__Exercise details__
Give the records again exactly, but drop the pictures.

START Data

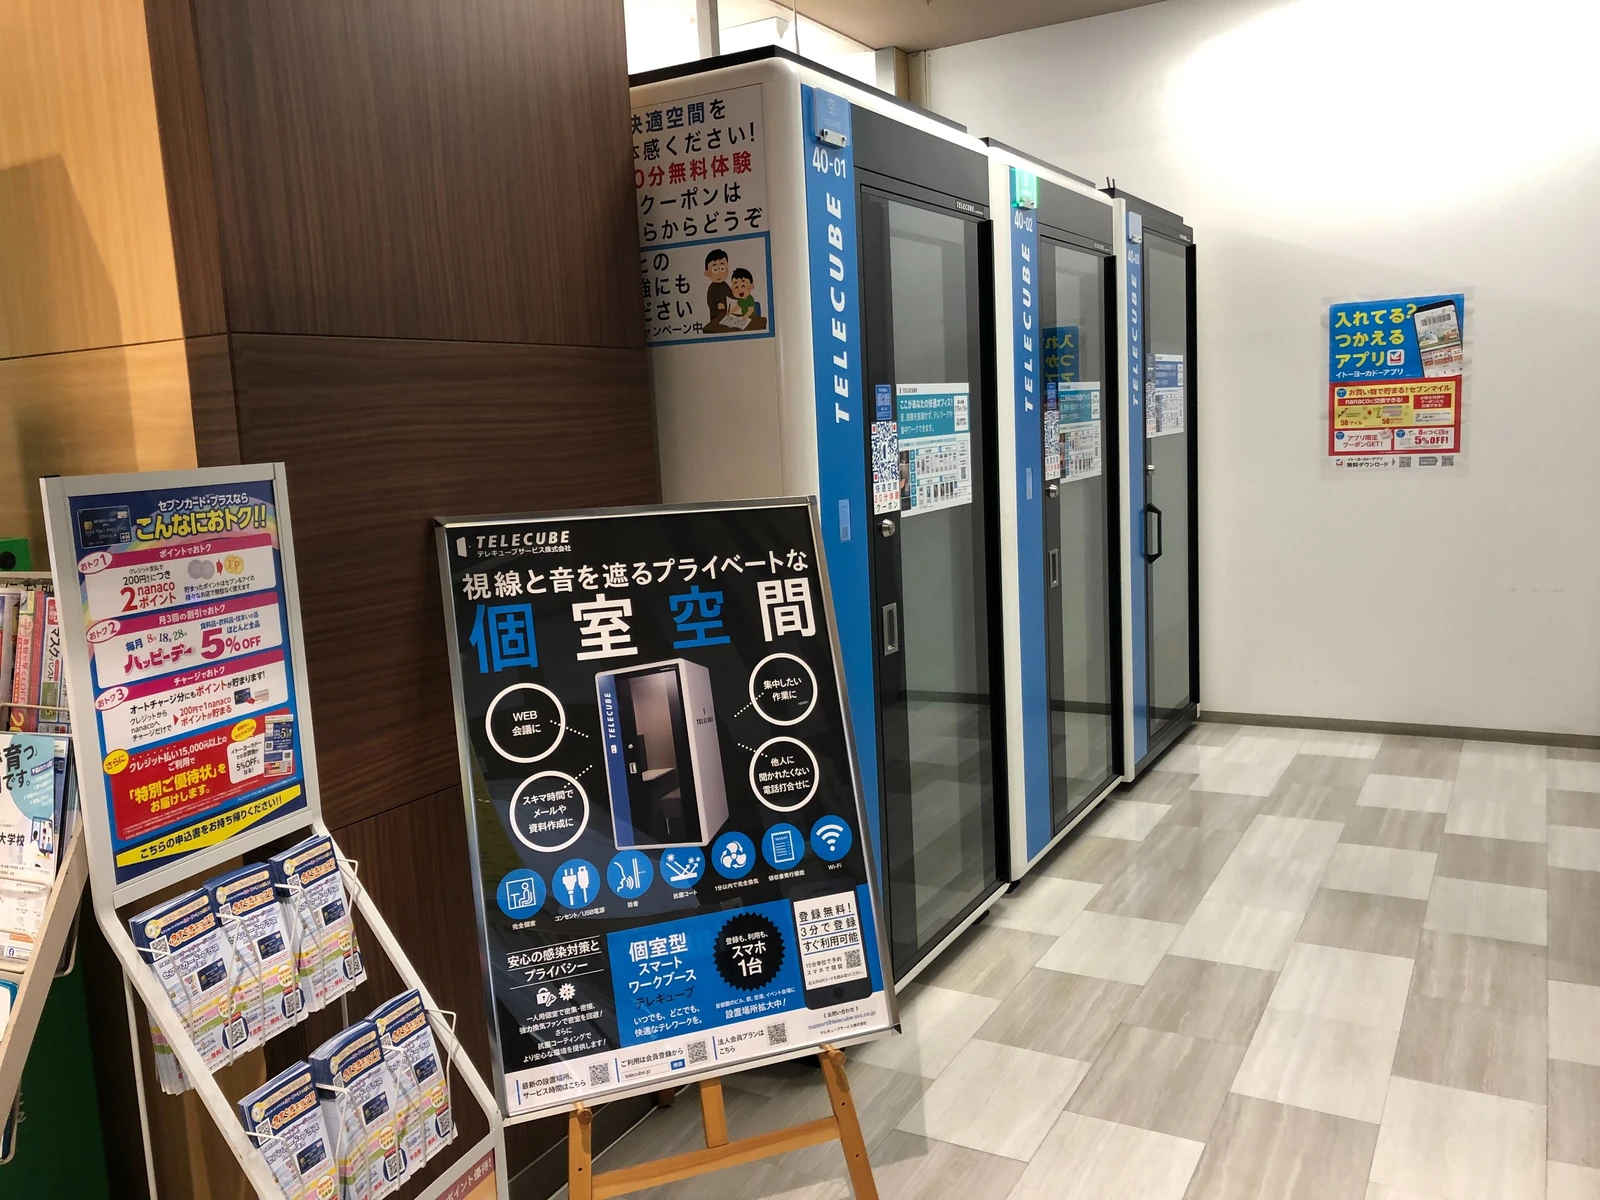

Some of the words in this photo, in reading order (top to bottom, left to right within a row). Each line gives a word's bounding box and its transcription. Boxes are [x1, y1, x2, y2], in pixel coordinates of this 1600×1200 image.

[812, 146, 846, 179] 40-01
[640, 181, 742, 216] クーポンは
[642, 207, 763, 243] らからどうぞ
[1014, 210, 1034, 233] 40-02
[826, 192, 850, 424] TELECUBE
[1335, 303, 1417, 329] 入れてる?
[1021, 242, 1035, 413] TELECUBE
[1130, 273, 1140, 408] TELECUBE
[1335, 329, 1405, 348] つかえる
[1335, 350, 1385, 369] アプリ
[1335, 368, 1404, 379] イトーヨーカドーアプリ
[1414, 436, 1449, 445] 5%OFF!
[158, 493, 249, 513] セブンカード・プラスなら
[136, 504, 267, 541] こんなにおトク!!
[476, 530, 570, 549] TELECUBE
[159, 543, 212, 559] ポイントでおトク
[477, 545, 572, 558] テレキューブサービス株式会社
[80, 553, 108, 572] おトク1
[462, 548, 809, 601] 視線と音を遮るプライベートな
[137, 581, 176, 597] nanaco
[120, 586, 138, 613] 2
[139, 592, 177, 609] ポイント
[158, 604, 226, 626] 月3回の割引でおトク
[88, 621, 118, 643] おトク2
[226, 619, 261, 635] ほとんど全品
[469, 577, 817, 674] 個室空間
[125, 637, 144, 653] 毎月
[173, 666, 226, 687] チャージでおトク
[763, 677, 803, 690] 集中したい
[97, 688, 126, 709] おトク3
[772, 690, 798, 702] 作業に
[130, 710, 168, 726] クレジットから
[181, 705, 232, 727] ポイントが貯まる
[512, 710, 538, 722] WEB
[603, 692, 617, 739] TELECUBE
[132, 724, 172, 742] チャージだけで
[511, 724, 542, 737] 会議に
[105, 754, 126, 770] さらに
[168, 757, 196, 772] ご利用で
[770, 755, 795, 767] 他人に
[129, 763, 226, 804] 「特別ご優待状」を
[758, 766, 811, 782] 聞かれたくない
[762, 780, 811, 795] 電話打合せに
[150, 784, 210, 813] お届けします。
[522, 789, 574, 806] スキマ時間で
[533, 804, 567, 819] メールや
[140, 795, 283, 859] こちらの申込書をお持ち帰りください!!
[528, 818, 575, 835] 資料作成に
[828, 863, 843, 871] Wi-Fi
[714, 877, 760, 892] 1分以内で完全換気
[799, 902, 852, 922] 登録無料!
[512, 920, 537, 931] 完全個室
[800, 917, 857, 937] 3分で登録
[629, 932, 688, 962] 個室型
[725, 931, 769, 946] 登録も、利用も、
[803, 932, 859, 952] すぐ利用可能
[507, 940, 600, 969] 安心の感染対策と
[732, 941, 767, 959] スマホ
[524, 963, 588, 982] プライバシー
[639, 956, 683, 976] スマート
[738, 957, 763, 977] 1台
[629, 969, 697, 994] ワークブース
[634, 985, 695, 1010] テレキューブ
[725, 998, 786, 1020] 設置場所拡大中!
[555, 1027, 573, 1037] さらに
[634, 1016, 703, 1038] 快適なテレワークを。
[537, 1032, 592, 1051] 抗菌コーティングで
[717, 1029, 765, 1046] 法人会員プランは
[523, 1038, 607, 1064] より安心な環境を提供します!
[620, 1047, 684, 1068] ご利用は会員登録から
[719, 1045, 736, 1056] こちら
[522, 1072, 573, 1090] 最新の設置場所、
[624, 1069, 652, 1080] telecube.jp
[522, 1079, 587, 1099] サービス時間はこちら
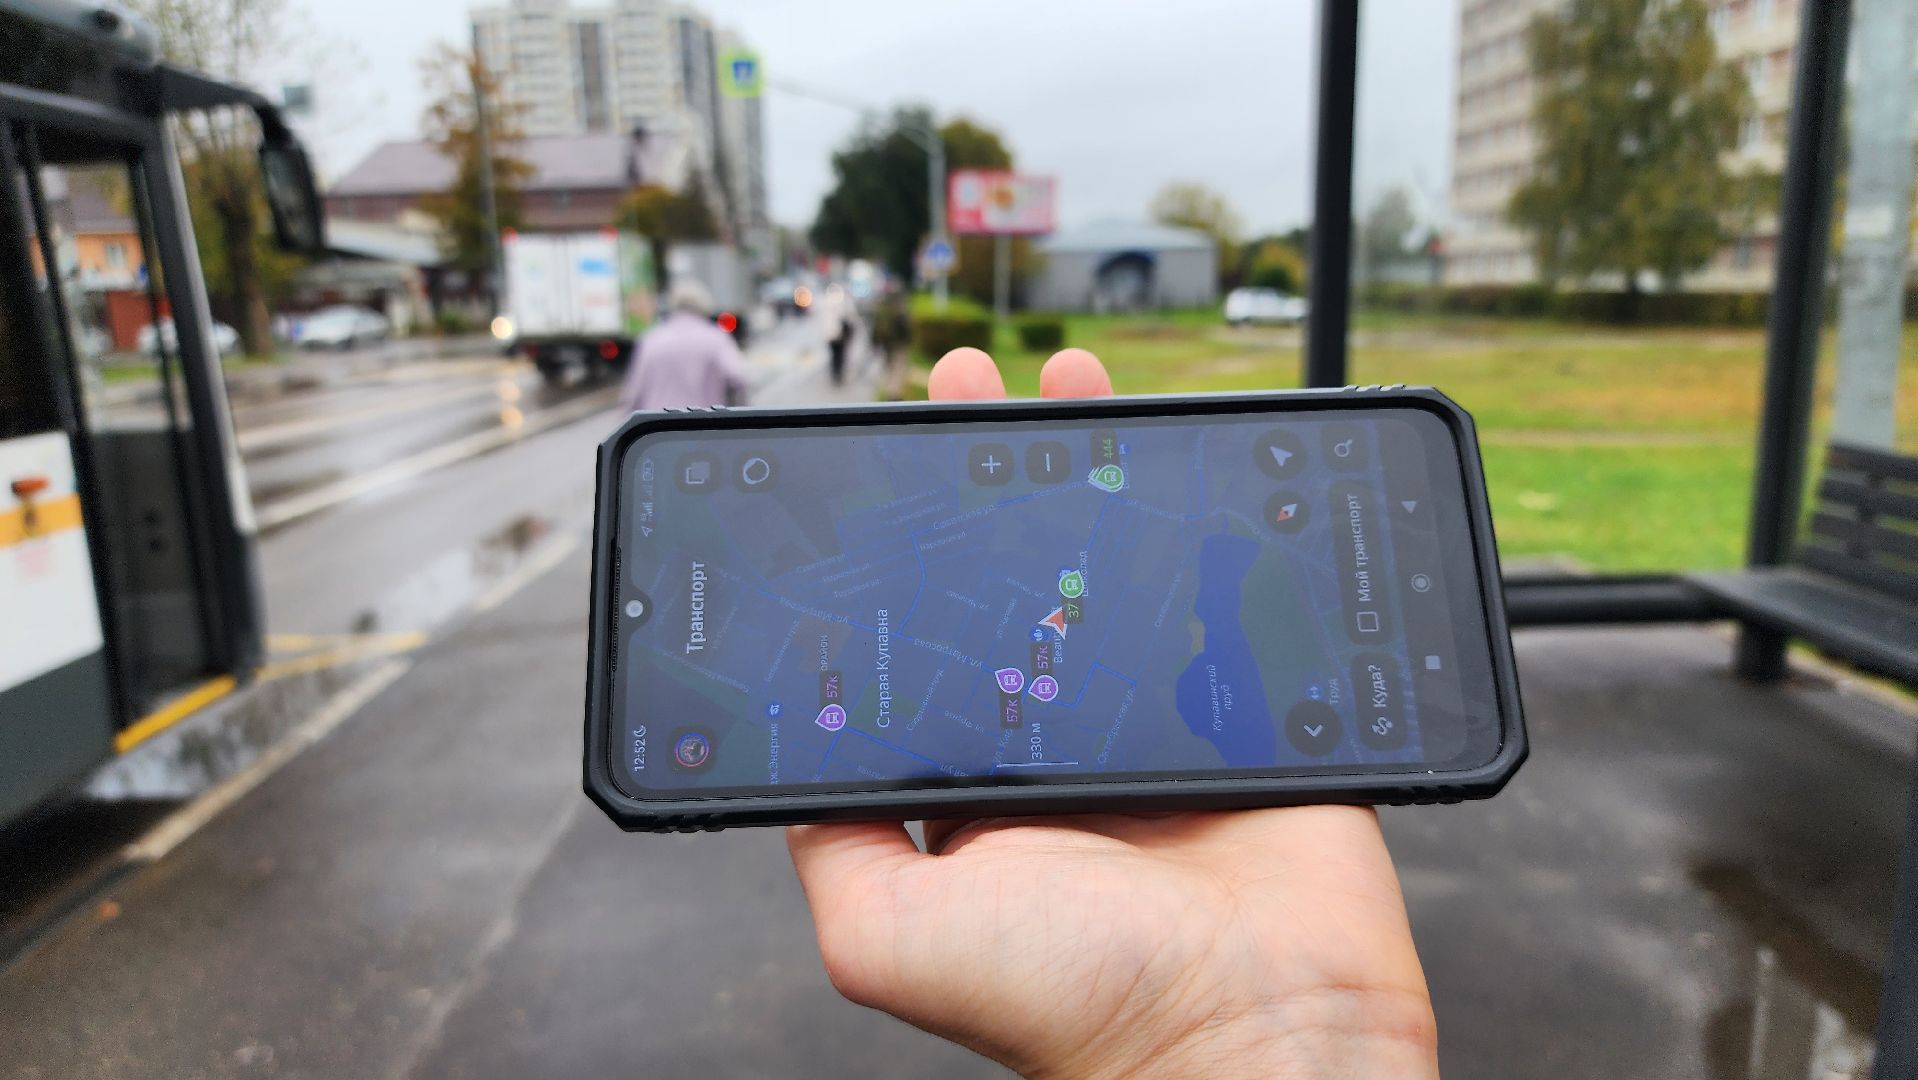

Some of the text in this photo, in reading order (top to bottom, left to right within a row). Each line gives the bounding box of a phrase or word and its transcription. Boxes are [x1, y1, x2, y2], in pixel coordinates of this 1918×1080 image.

[1344, 492, 1373, 603] Мой транспорт
[686, 560, 708, 655] Транспорт
[1068, 603, 1080, 619] 37
[876, 608, 893, 729] Старая Купавна
[1367, 664, 1389, 708] Куда?
[1205, 664, 1225, 732] Купавинский
[1220, 683, 1234, 711] пруд
[1328, 678, 1341, 705] Труд
[633, 738, 646, 772] 12:52
[768, 722, 780, 769] Энергия
[1031, 736, 1043, 761] 330
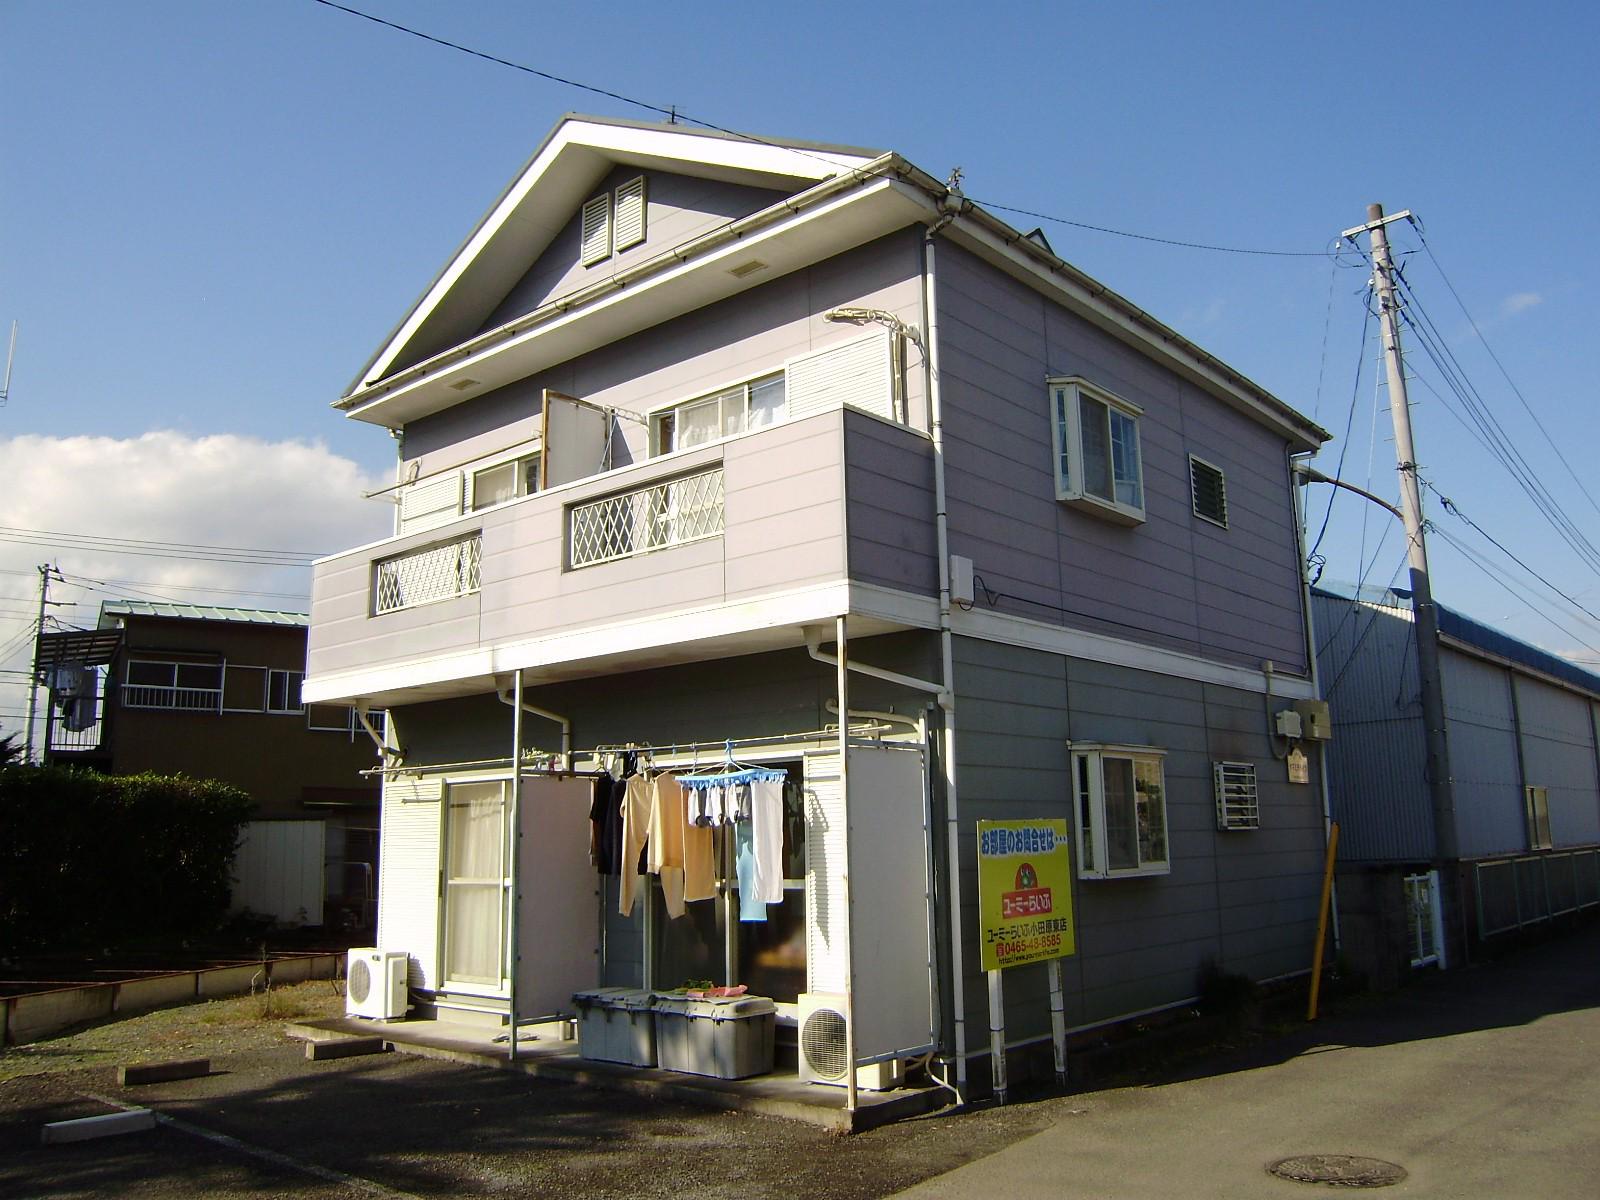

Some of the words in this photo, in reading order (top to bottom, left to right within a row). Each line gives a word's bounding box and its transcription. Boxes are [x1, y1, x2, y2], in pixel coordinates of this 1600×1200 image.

[1003, 894, 1051, 914] ユーミーらいふ
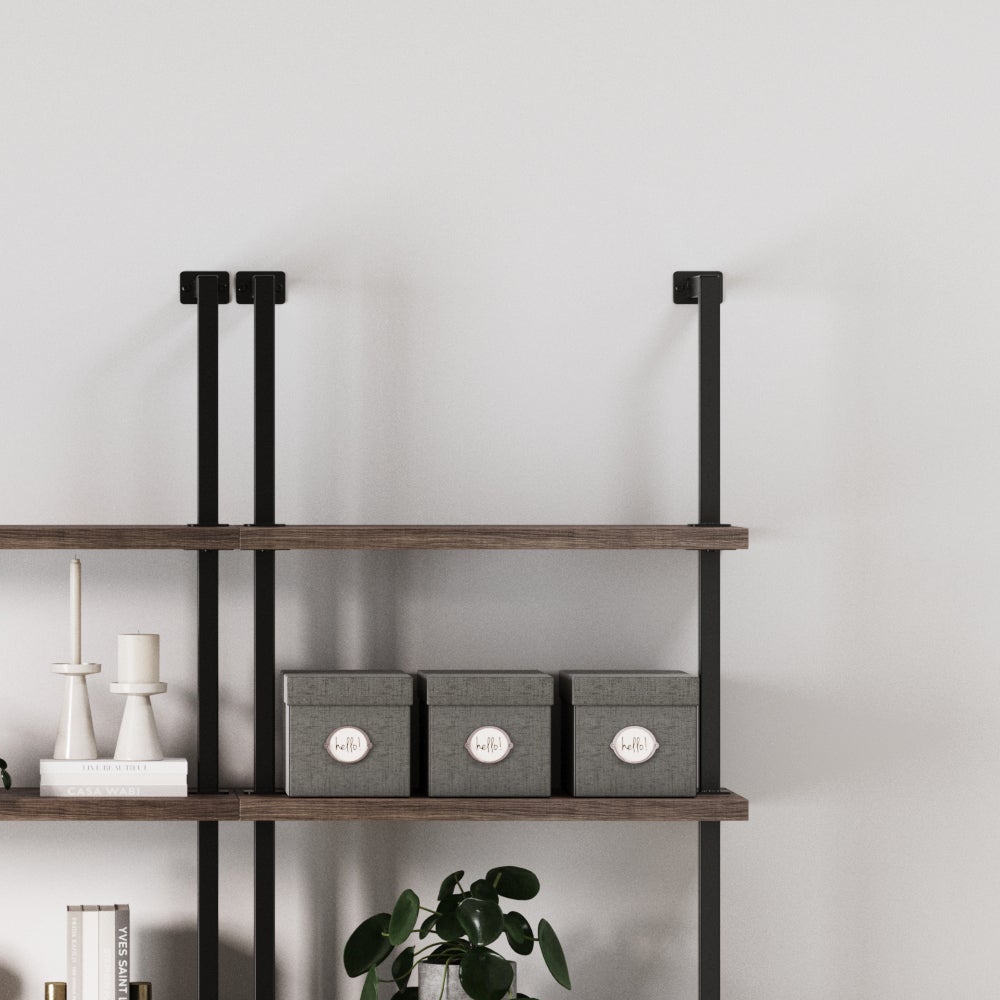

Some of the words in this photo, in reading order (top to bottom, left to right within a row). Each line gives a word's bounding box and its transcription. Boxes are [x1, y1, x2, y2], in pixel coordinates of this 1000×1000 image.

[335, 736, 362, 753] hello!
[476, 736, 503, 753] hello!
[621, 736, 648, 753] hello!
[67, 786, 102, 796] CASA
[106, 786, 140, 796] WABI
[118, 926, 128, 956] YVES
[118, 961, 128, 993] SAINT

END Data

__Result of the task__
Some of the words in this photo, in reading order (top to bottom, left to right within a row). Each line gives a word's bounding box and its transcription. Boxes are [x1, y1, x2, y2], in pixel coordinates of this 1600×1200 image.

[812, 146, 846, 179] 40-01
[640, 181, 742, 216] クーポンは
[642, 207, 763, 243] らからどうぞ
[1014, 210, 1034, 233] 40-02
[826, 192, 850, 424] TELECUBE
[1335, 303, 1417, 329] 入れてる?
[1021, 242, 1035, 413] TELECUBE
[1130, 273, 1140, 408] TELECUBE
[1335, 329, 1405, 348] つかえる
[1335, 350, 1385, 369] アプリ
[1335, 368, 1404, 379] イトーヨーカドーアプリ
[1414, 436, 1449, 445] 5%OFF!
[158, 493, 249, 513] セブンカード・プラスなら
[136, 504, 267, 541] こんなにおトク!!
[476, 530, 570, 549] TELECUBE
[159, 543, 212, 559] ポイントでおトク
[477, 545, 572, 558] テレキューブサービス株式会社
[80, 553, 108, 572] おトク1
[462, 548, 809, 601] 視線と音を遮るプライベートな
[137, 581, 176, 597] nanaco
[120, 586, 138, 613] 2
[139, 592, 177, 609] ポイント
[158, 604, 226, 626] 月3回の割引でおトク
[88, 621, 118, 643] おトク2
[226, 619, 261, 635] ほとんど全品
[469, 577, 817, 674] 個室空間
[125, 637, 144, 653] 毎月
[173, 666, 226, 687] チャージでおトク
[763, 677, 803, 690] 集中したい
[97, 688, 126, 709] おトク3
[772, 690, 798, 702] 作業に
[130, 710, 168, 726] クレジットから
[181, 705, 232, 727] ポイントが貯まる
[512, 710, 538, 722] WEB
[603, 692, 617, 739] TELECUBE
[132, 724, 172, 742] チャージだけで
[511, 724, 542, 737] 会議に
[105, 754, 126, 770] さらに
[168, 757, 196, 772] ご利用で
[770, 755, 795, 767] 他人に
[129, 763, 226, 804] 「特別ご優待状」を
[758, 766, 811, 782] 聞かれたくない
[762, 780, 811, 795] 電話打合せに
[150, 784, 210, 813] お届けします。
[522, 789, 574, 806] スキマ時間で
[533, 804, 567, 819] メールや
[140, 795, 283, 859] こちらの申込書をお持ち帰りください!!
[528, 818, 575, 835] 資料作成に
[828, 863, 843, 871] Wi-Fi
[714, 877, 760, 892] 1分以内で完全換気
[799, 902, 852, 922] 登録無料!
[512, 920, 537, 931] 完全個室
[800, 917, 857, 937] 3分で登録
[629, 932, 688, 962] 個室型
[725, 931, 769, 946] 登録も、利用も、
[803, 932, 859, 952] すぐ利用可能
[507, 940, 600, 969] 安心の感染対策と
[732, 941, 767, 959] スマホ
[524, 963, 588, 982] プライバシー
[639, 956, 683, 976] スマート
[738, 957, 763, 977] 1台
[629, 969, 697, 994] ワークブース
[634, 985, 695, 1010] テレキューブ
[725, 998, 786, 1020] 設置場所拡大中!
[555, 1027, 573, 1037] さらに
[634, 1016, 703, 1038] 快適なテレワークを。
[537, 1032, 592, 1051] 抗菌コーティングで
[717, 1029, 765, 1046] 法人会員プランは
[523, 1038, 607, 1064] より安心な環境を提供します!
[620, 1047, 684, 1068] ご利用は会員登録から
[719, 1045, 736, 1056] こちら
[522, 1072, 573, 1090] 最新の設置場所、
[624, 1069, 652, 1080] telecube.jp
[522, 1079, 587, 1099] サービス時間はこちら

Some of the text in this photo, in reading order (top to bottom, left to right within a row). Each line gives the bounding box of a phrase or word and its transcription. Boxes are [x1, y1, x2, y2], in pixel coordinates of this 1918×1080 image.

[1344, 492, 1373, 603] Мой транспорт
[686, 560, 708, 655] Транспорт
[1068, 603, 1080, 619] 37
[876, 608, 893, 729] Старая Купавна
[1367, 664, 1389, 708] Куда?
[1205, 664, 1225, 732] Купавинский
[1220, 683, 1234, 711] пруд
[1328, 678, 1341, 705] Труд
[633, 738, 646, 772] 12:52
[768, 722, 780, 769] Энергия
[1031, 736, 1043, 761] 330

Some of the words in this photo, in reading order (top to bottom, left to right within a row). Each line gives a word's bounding box and its transcription. Boxes are [x1, y1, x2, y2], in pixel coordinates of this 1600×1200 image.

[1003, 894, 1051, 914] ユーミーらいふ

Some of the words in this photo, in reading order (top to bottom, left to right within a row). Each line gives a word's bounding box and its transcription. Boxes are [x1, y1, x2, y2], in pixel coordinates of this 1000×1000 image.

[335, 736, 362, 753] hello!
[476, 736, 503, 753] hello!
[621, 736, 648, 753] hello!
[67, 786, 102, 796] CASA
[106, 786, 140, 796] WABI
[118, 926, 128, 956] YVES
[118, 961, 128, 993] SAINT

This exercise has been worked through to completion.